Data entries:
------------------------------

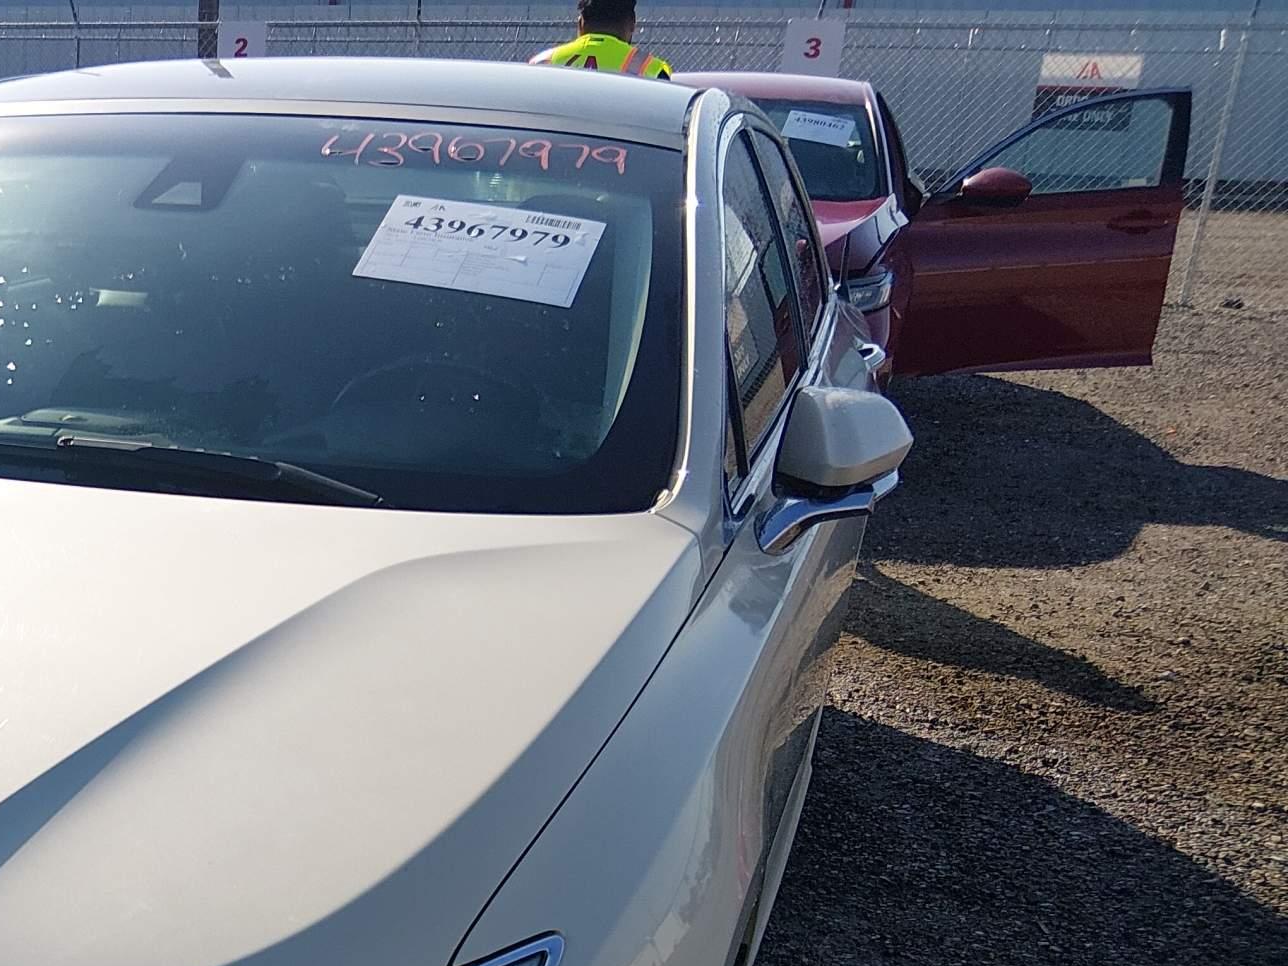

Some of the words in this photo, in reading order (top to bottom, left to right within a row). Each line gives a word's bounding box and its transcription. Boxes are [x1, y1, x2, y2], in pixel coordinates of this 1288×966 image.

[234, 38, 249, 58] 2
[803, 37, 822, 59] 3
[321, 132, 628, 175] 43967979
[404, 214, 571, 249] 43967979
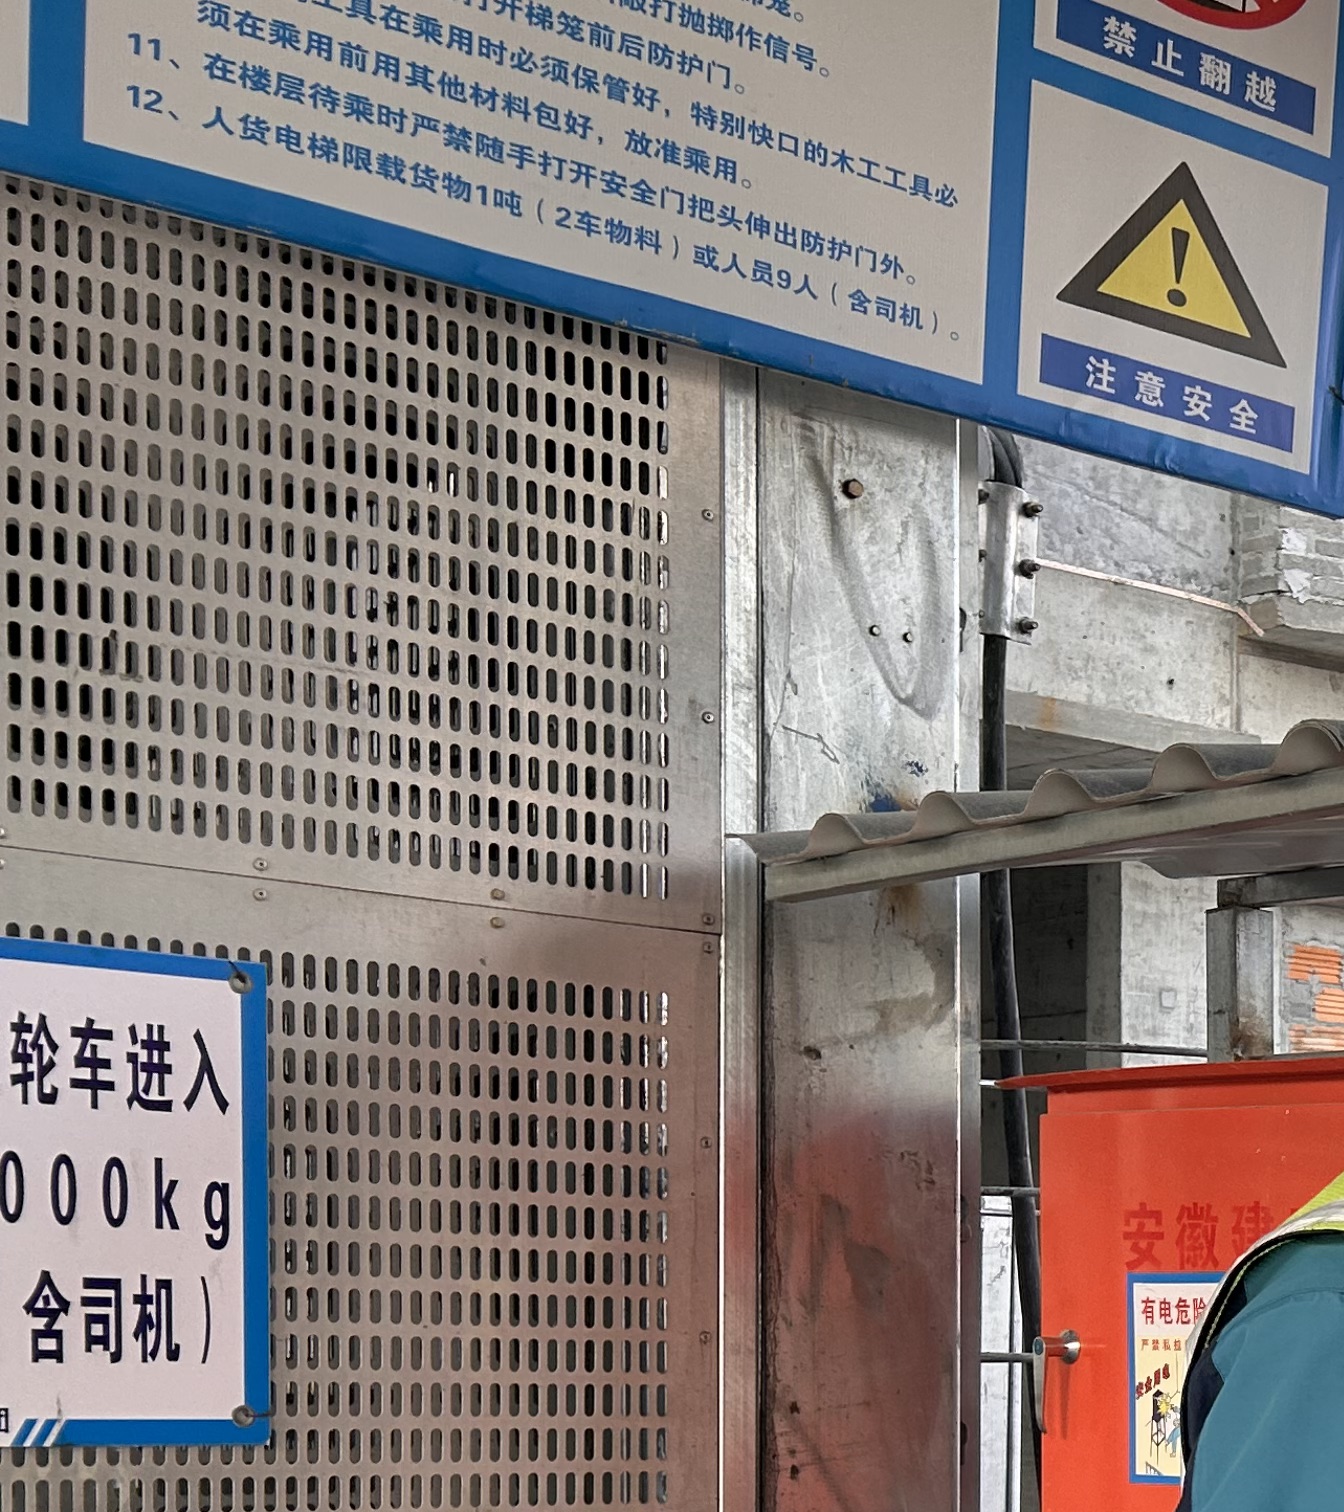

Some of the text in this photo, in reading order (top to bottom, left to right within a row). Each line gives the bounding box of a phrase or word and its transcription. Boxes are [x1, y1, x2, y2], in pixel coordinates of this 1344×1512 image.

[1103, 15, 1277, 113] 禁止翻越
[1086, 355, 1260, 435] 注意安全
[10, 1011, 230, 1115] 轮车进入
[1122, 1201, 1300, 1270] 安徽建

------------------------------

#### WHAT YOU NEED TO DO:
Quote the records in their entirety, keeping the wording exact and excluding pictures.

#### EXERCISE RESPONSE:
Some of the words in this photo, in reading order (top to bottom, left to right within a row). Each line gives a word's bounding box and its transcription. Boxes are [x1, y1, x2, y2], in pixel coordinates of this 1288×966 image.

[234, 38, 249, 58] 2
[803, 37, 822, 59] 3
[321, 132, 628, 175] 43967979
[404, 214, 571, 249] 43967979

Some of the text in this photo, in reading order (top to bottom, left to right within a row). Each line gives the bounding box of a phrase or word and its transcription. Boxes are [x1, y1, x2, y2], in pixel coordinates of this 1344×1512 image.

[1103, 15, 1277, 113] 禁止翻越
[1086, 355, 1260, 435] 注意安全
[10, 1011, 230, 1115] 轮车进入
[1122, 1201, 1300, 1270] 安徽建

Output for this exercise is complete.